Chaque année près de chez moi à Colmar, se déroule pendant une dizaine de jours la Foire aux Vins, qui en marge de la foire exposition est également un festival estival de concerts.
Des artistes les plus connus aux débutants, toutes les tendances musicales y trouvent leur place, c’est ainsi qu’au fil des années j’ai pu y voir de nombreux artistes, de Bernard Lavilliers à Joe Cocker, de Murray Head à Lou Reed, ZZ Top, Deff Leppard, Manu Chao ou encore Compay Segundo, j’en passe et des meilleurs…
Hier soir se produisaient donc sur scène deux artistes français de la vague musicale actuelle, dans un double-concert plus que remuant.
C’est la Grande Sophie qui a ouvert le bal et qui a littéralement mis le feu à la salle.
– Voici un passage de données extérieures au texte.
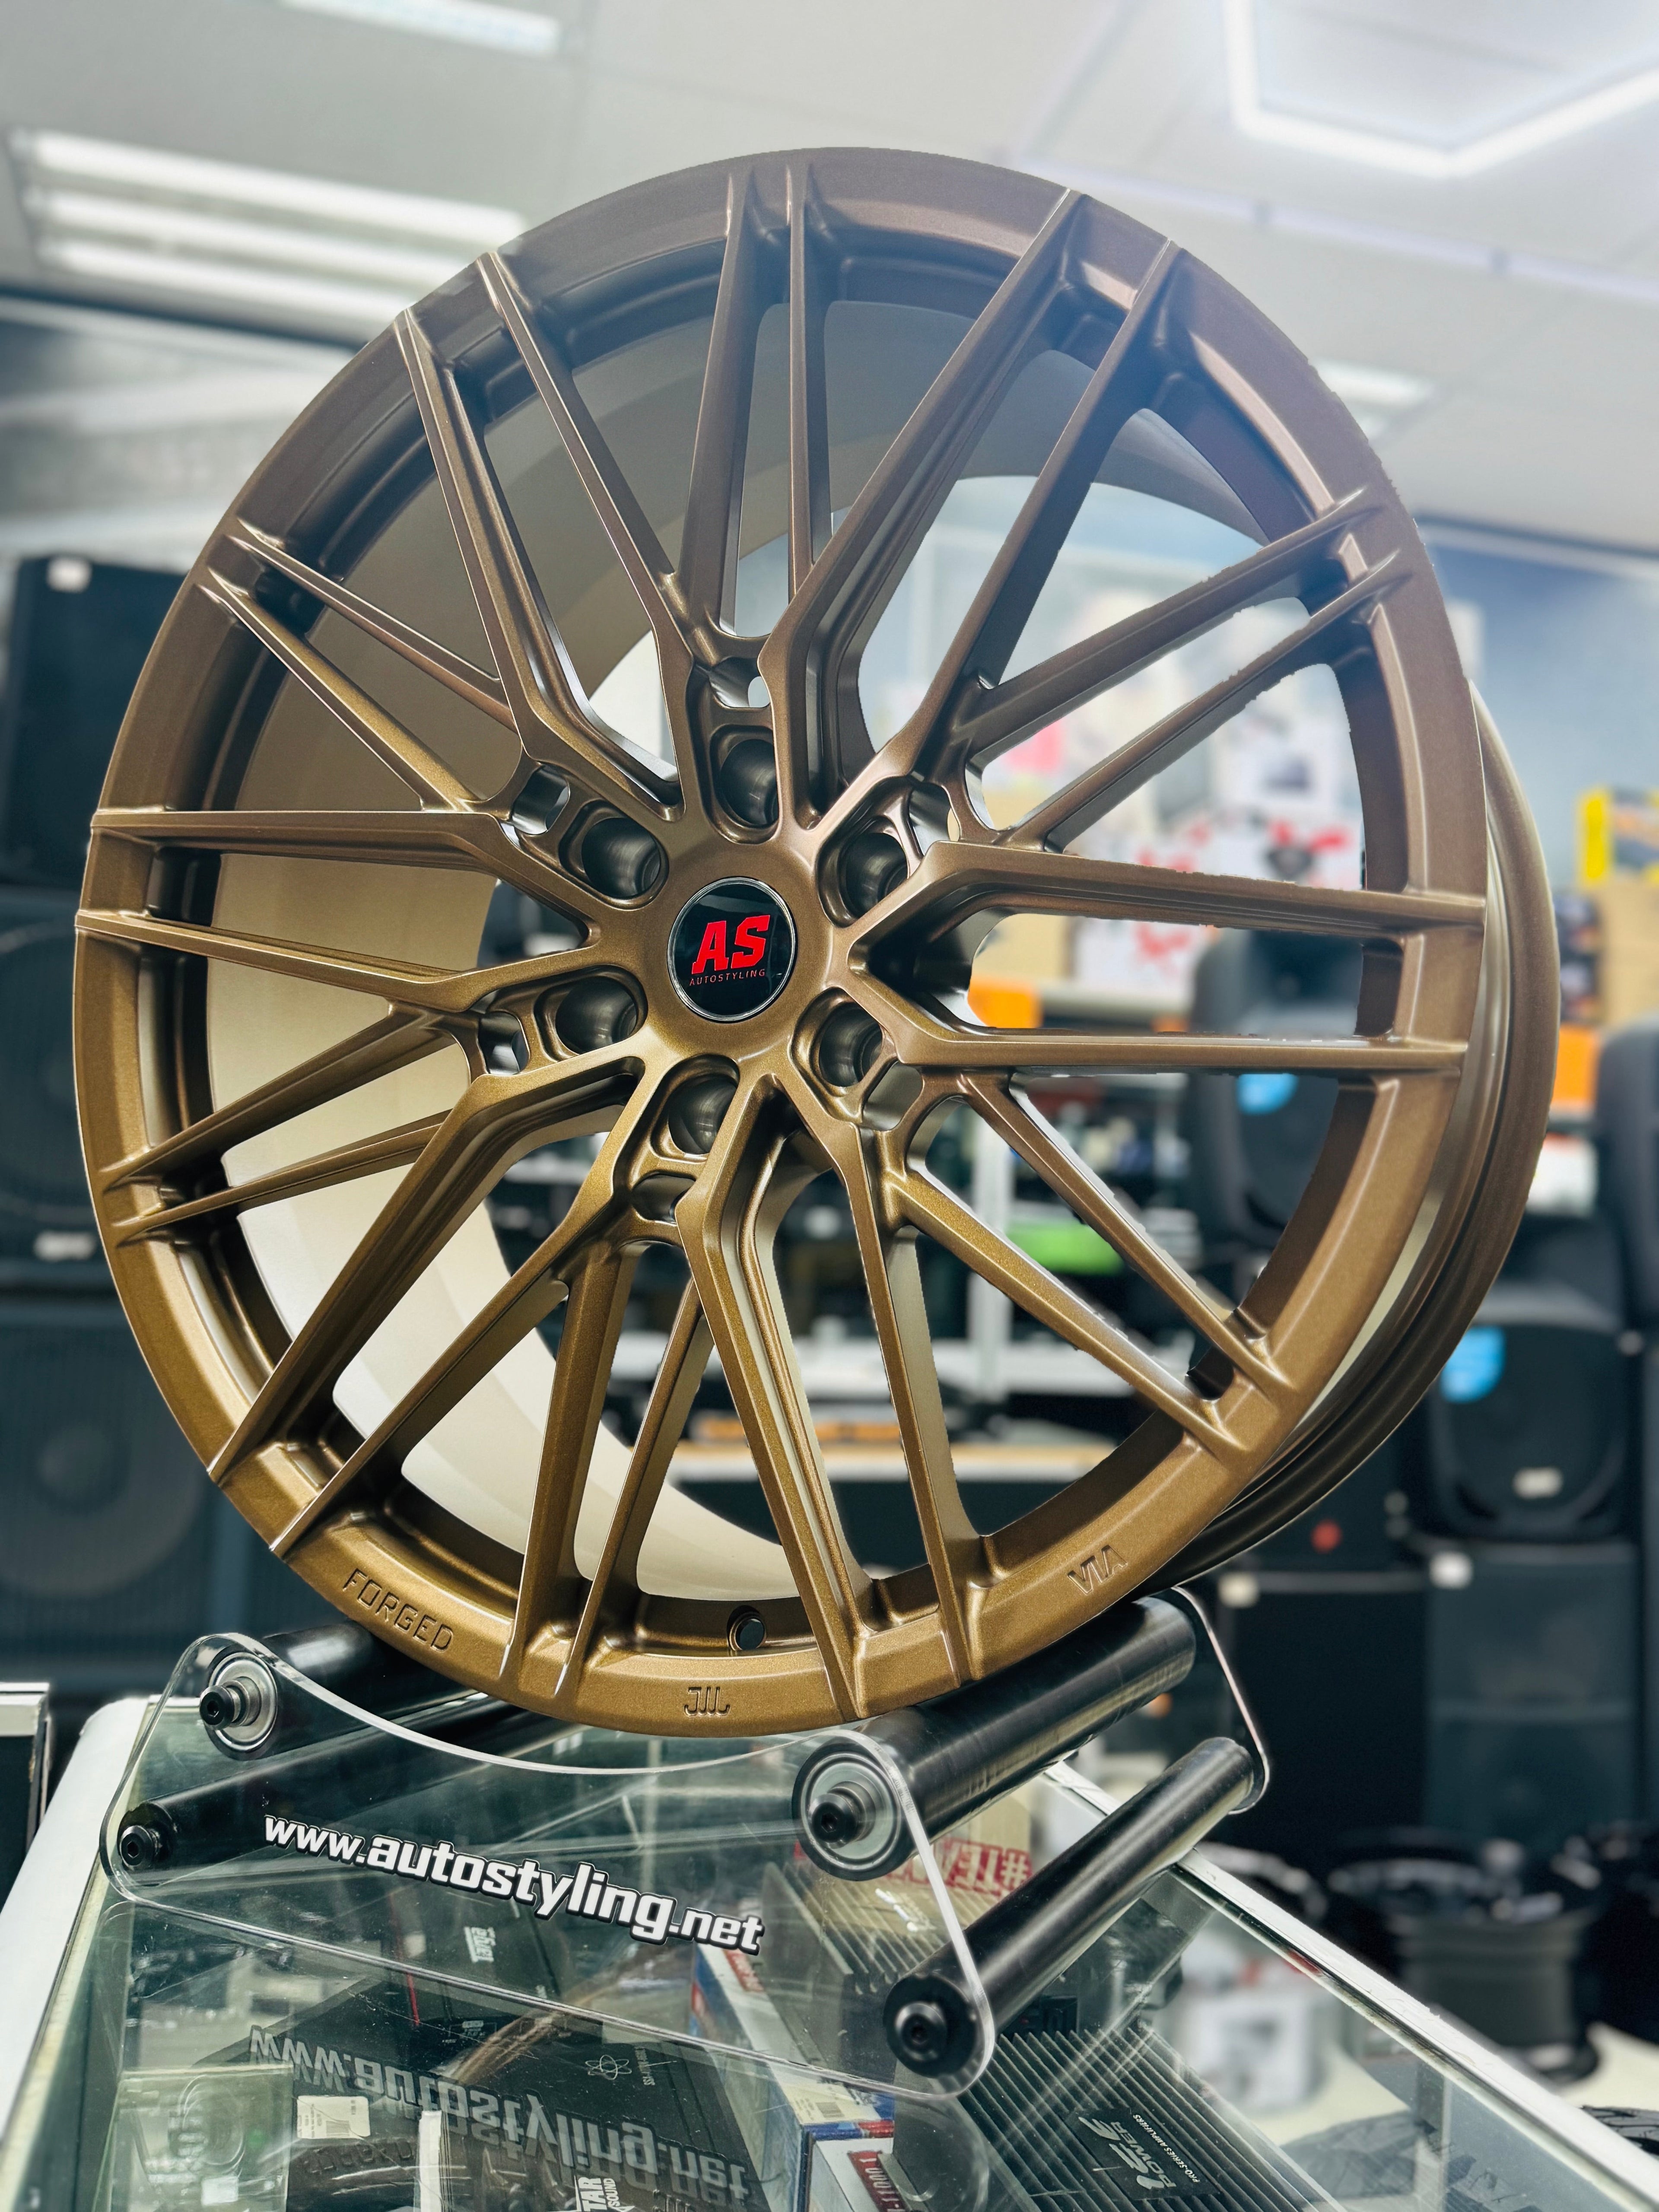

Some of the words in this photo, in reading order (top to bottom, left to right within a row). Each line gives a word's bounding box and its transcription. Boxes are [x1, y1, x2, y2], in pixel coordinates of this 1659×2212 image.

[691, 915, 771, 975] AS
[689, 969, 765, 986] AUTOSTYLING
[343, 1568, 454, 1653] FORGED
[264, 1815, 764, 1954] www.autostyling.net
[1111, 2121, 1176, 2187] POWER
[1133, 2114, 1168, 2149] AMPLIFIERS
[603, 2178, 620, 2207] SOUND
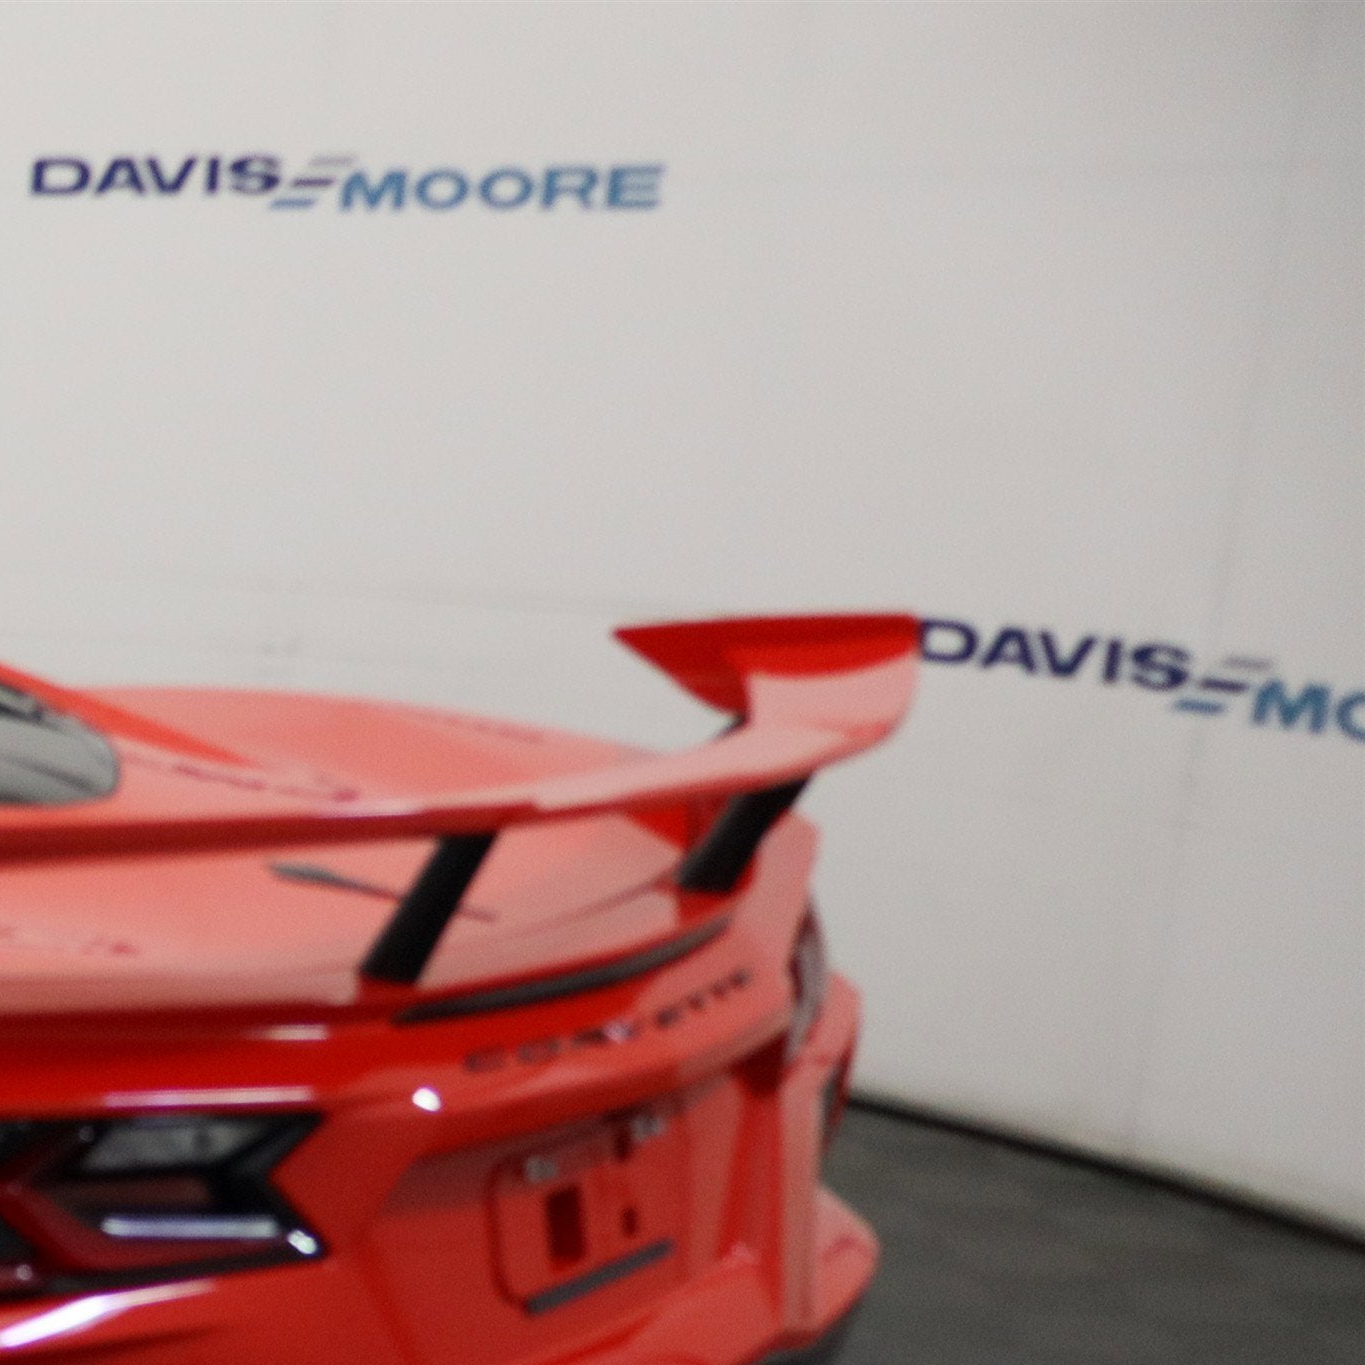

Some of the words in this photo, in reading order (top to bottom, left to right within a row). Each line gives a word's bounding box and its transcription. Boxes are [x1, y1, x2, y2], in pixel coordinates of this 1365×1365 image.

Cette fille-là est une furie ! Elle se donne visiblement à fond sur scène, chante, danse, joue de la guitare, saute dans tous les coins, interpelle les spectateurs, bref elle met une ambiance du tonnerre. Alors que ses albums studio recèlent de chansons tantôt douces tantôt rythmées, sur scène elle a un seul mot d’ordre : faire bouger les gens. C’est elle qui le dit dans une de ses chansons : « J’aime le Rock’n Roll ! », et elle l’a prouvé tout du long du concert.
Elle a enchaîné ses tubes les plus connus et les plus enthousiasmants, avec entre autres Martin, Du Courage, La Suite, le Milieu, la Fin, Égoïste, Je ne changerai jamais, On savait (devenir grand), Rien que nous deux au monde … avec une pêche d’enfer et une bonne humeur communicative. D’ailleurs ça n’a pas fait un pli, elle s’est mis le public dans la poche. En moins de temps qu’il ne faut pour le dire, tout le monde chantait et dansait avec elle.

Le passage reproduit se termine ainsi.